Fundamental Limits of Bistatic Integrated Sensing and Communications over Memoryless Relay Channels

This paper investigates the fundamental communication-sensing tradeoffs in bistatic integrated sensing and communications over memoryless relay channels by deriving an upper bound and a hybrid-partial-decode-and-compress-forward lower bound for the capacity-distortion function, demonstrating their optimality in specific cases and the benefits of integrated design.

Yao Liu, Min Li, Lawrence Ong, Aylin Yener

Published 2026-03-05
📖 5 min read🧠 Deep dive

Imagine you are trying to send a secret letter to a friend across a noisy, foggy valley. You have a helper (a Relay) standing on a hill in the middle.

In the old way of doing things, you would either:

  1. Send the letter: Focus all your energy on making sure the friend reads the message clearly.
  2. Map the valley: Focus all your energy on shouting into the fog to hear the echo, so you can figure out how fast the wind is blowing or where the rocks are (Sensing).

Doing both at the same time usually means doing neither perfectly. This paper is about a new, smarter way to do both simultaneously using a "bistatic" setup (where the sender, the helper, and the listener are in different places).

Here is the breakdown of the paper's ideas using simple analogies:

1. The Setup: The "Three-Person Game"

  • The Source (You): You have a message to send and you want to know about the environment (like wind speed).
  • The Relay (The Helper): They stand in the middle. They hear you, but they also hear the environment.
  • The Destination (Your Friend): They need to read your letter and figure out the wind speed based on what they hear from you and the helper.
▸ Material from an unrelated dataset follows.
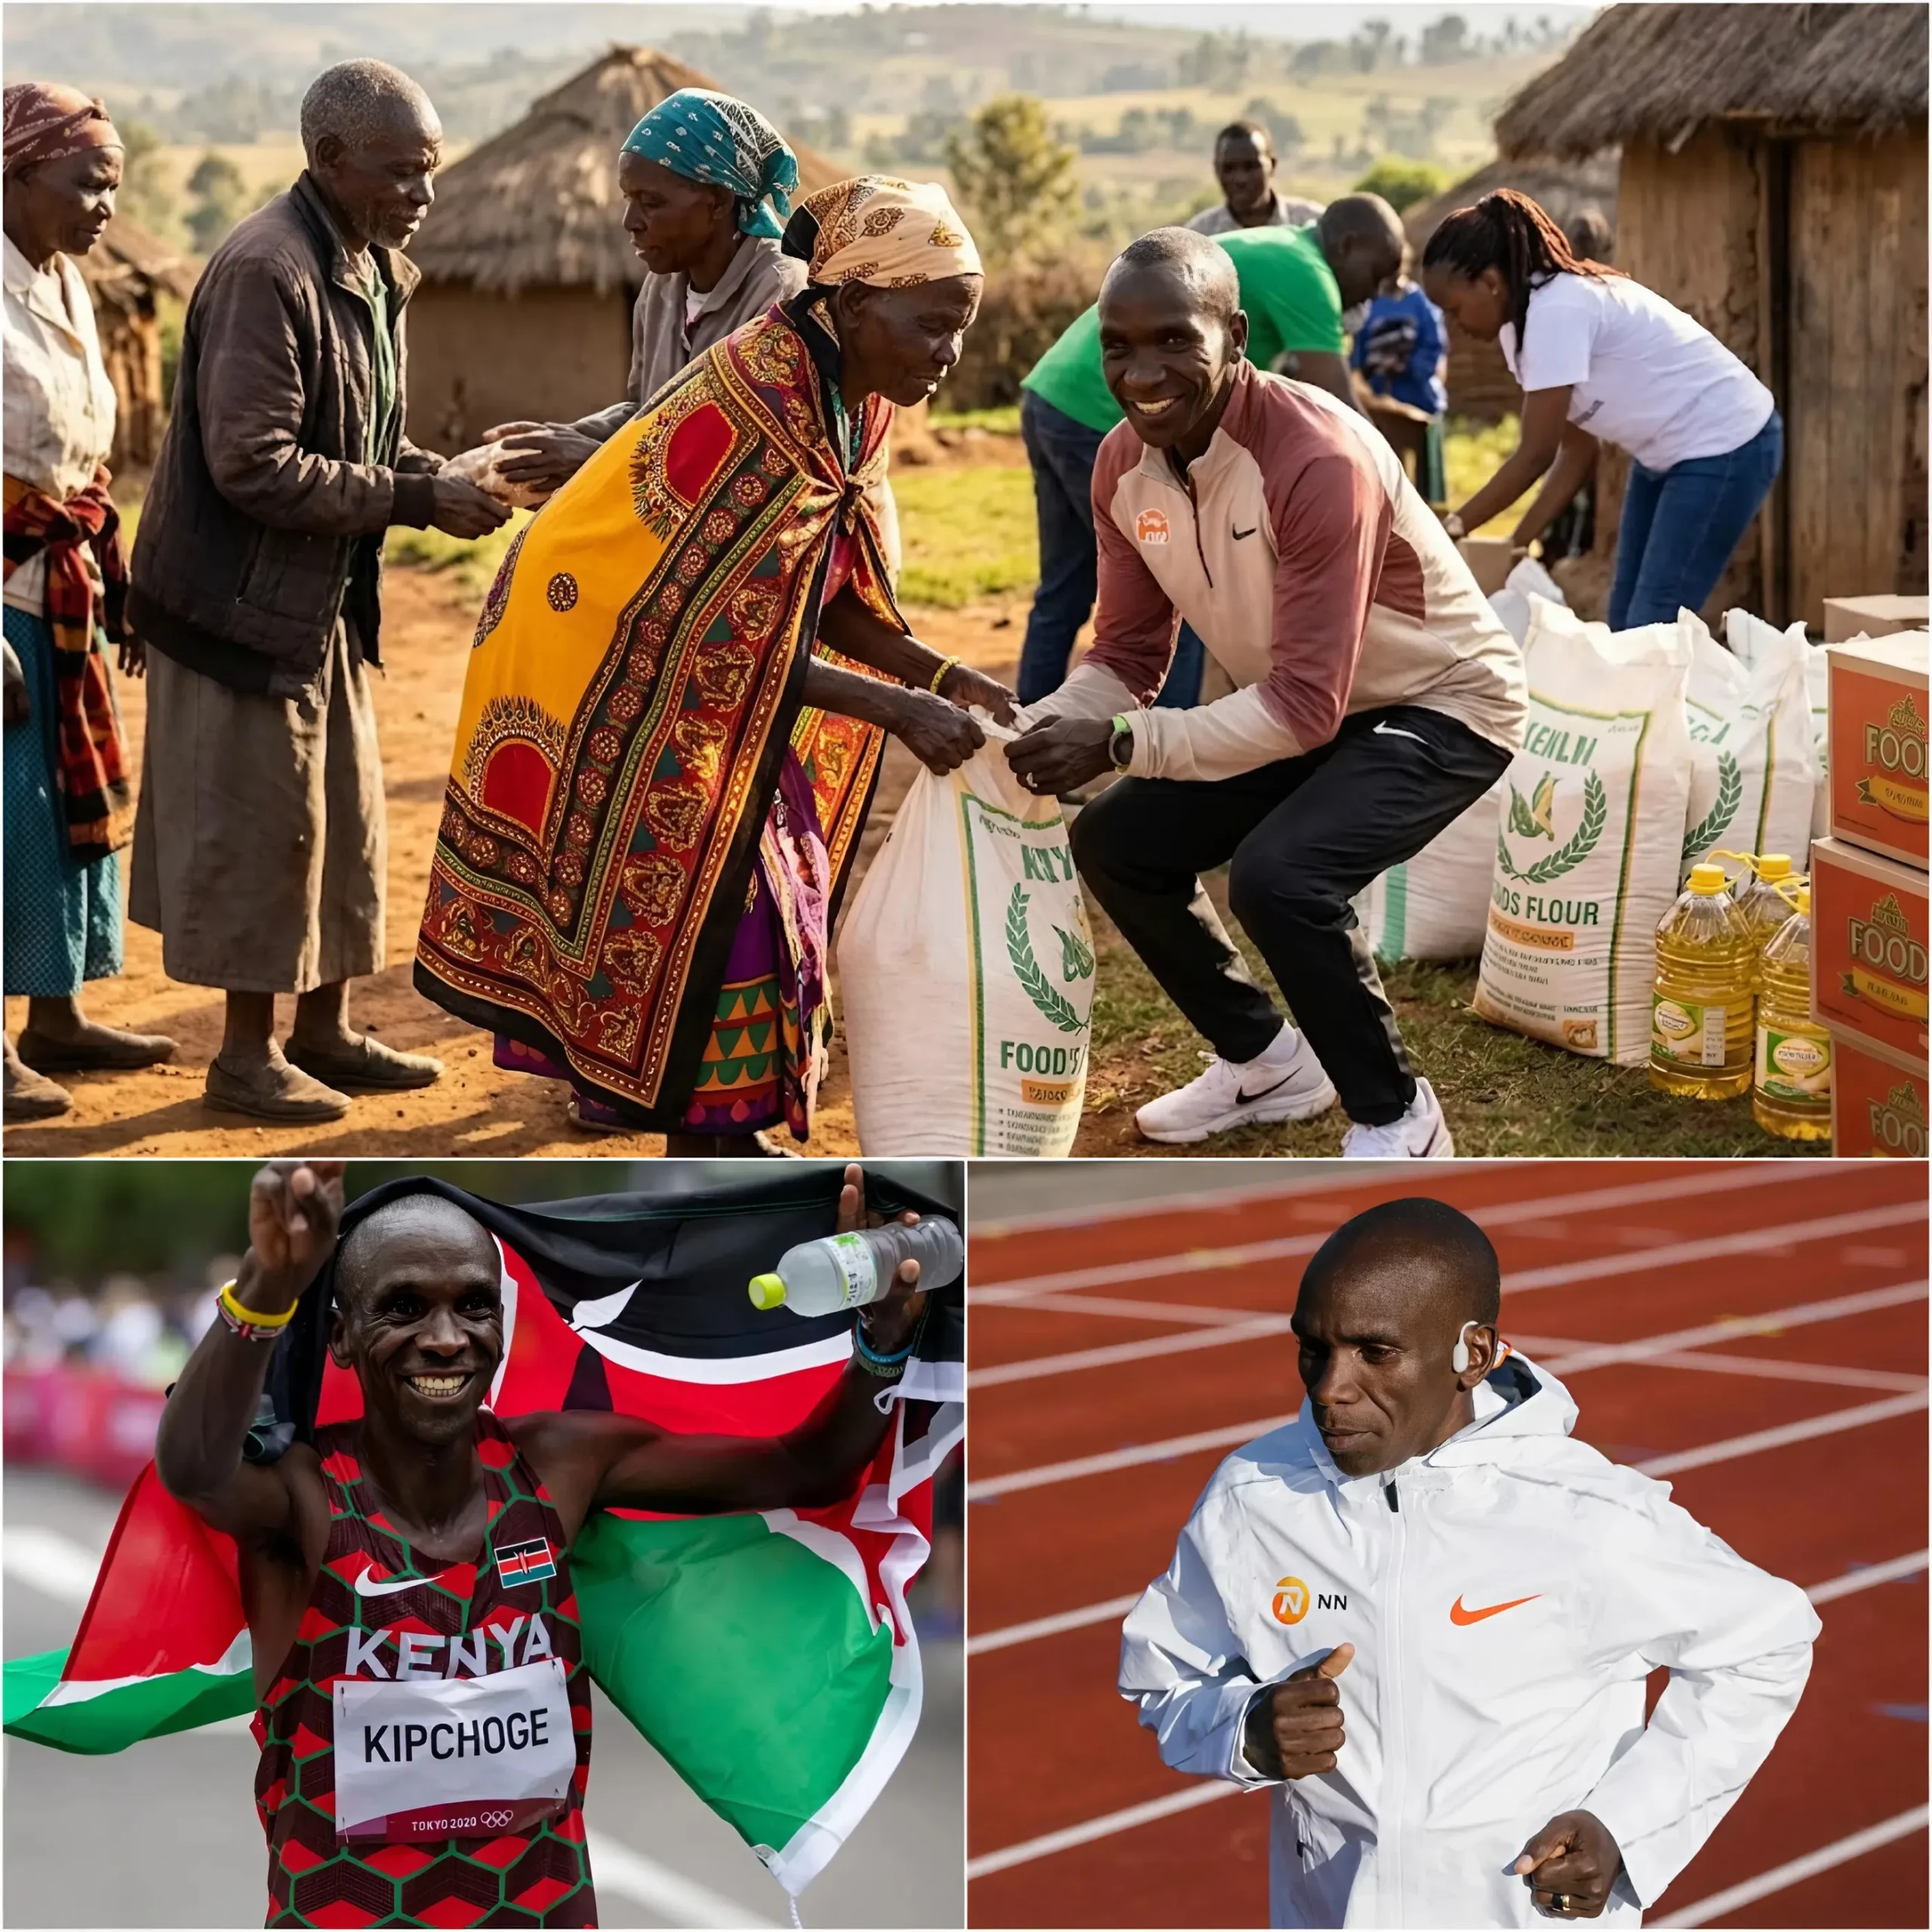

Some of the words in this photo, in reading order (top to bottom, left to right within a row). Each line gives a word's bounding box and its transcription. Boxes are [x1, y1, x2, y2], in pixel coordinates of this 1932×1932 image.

The challenge is that the "air" (the channel) is full of static and random noise. The paper asks: What is the absolute best balance we can strike between sending a fast message and getting an accurate map of the environment?

2. The Core Problem: The Trade-off

Think of your bandwidth (the "pipe" for data) as a bucket of water.

  • If you pour all the water into the Message, your friend gets the letter perfectly, but they know nothing about the wind.
  • If you pour all the water into Sensing, they know the wind perfectly, but the letter is unreadable.
  • The Goal: Find the "Goldilocks" zone where you get a good letter and a good map without wasting water.

3. The New Strategy: The "Hybrid" Approach

The authors propose a clever coding scheme called Hybrid Partial Decode-and-Compress-Forward. Let's translate that into a story:

  • Partial Decode: The Helper doesn't try to read the whole secret letter. Instead, they just listen for the "big picture" parts (the common message) that are easy to understand.
  • Compress-Forward: The Helper also listens to the noise and the echoes they hear. Instead of sending the raw, messy noise, they "compress" it into a tiny, efficient summary (like a compressed zip file) and send that to the friend.
  • The Magic Trick: The friend receives the letter, the summary from the helper, and the direct signal from you. They mix all three together. Because they have the "summary" of the noise from the helper, they can cancel out the static in their own ears much better than before.

Why is this better?
In previous methods, the friend had to guess the noise while trying to read the letter. It was like trying to solve a puzzle while someone is shouting at you. This new method gives the friend a "cheat sheet" (the compressed noise data) from the helper, making the puzzle easier to solve.

4. The "Virtual" Helper

The paper also introduces a mathematical concept called an Auxiliary Random Variable.

  • Analogy: Imagine the Helper has a "Super-Ear" that can hear everything perfectly if the Source and Helper were best friends working as a single team.
  • The authors use this "Super-Ear" idea to calculate the Theoretical Limit. It's like calculating the maximum speed a car could go if it had a perfect engine, even if the current engine isn't quite there yet. This sets a "ceiling" on how good the system can possibly be.

5. The Results: When Does It Work Best?

The authors found that for three specific types of "valleys" (channel types), their new strategy hits the perfect ceiling. It turns out:

  • If the Helper is far from the wind: The Helper just needs to send a summary of what they hear.
  • If the Helper is close to the wind: The Helper can decode the message and send it along.
  • The Hybrid Case: In the most complex scenarios, the "Hybrid" strategy (doing a bit of both) is the winner.

6. The Big Picture: Why Should We Care?

This isn't just about sending letters. This is about 6G networks and Self-Driving Cars.

  • Self-Driving Cars: A car needs to talk to the traffic light (Communication) and sense if a pedestrian is stepping out (Sensing).
  • The Benefit: Instead of having two separate systems (one for talking, one for radar), this research shows how to build one system that does both efficiently. It saves battery, saves spectrum (the airwaves), and makes the whole network smarter.

Summary

The paper proves that by having a middleman (Relay) help not just with the message, but also by "compressing" environmental data, we can get a much better balance between talking and listening. They found the mathematical "speed limit" for this technology and showed exactly how to drive at that speed in many real-world scenarios.

In one sentence: They figured out how to make a relay node act like a super-smart assistant that helps you send a message and map the surroundings at the same time, without either task getting in the other's way.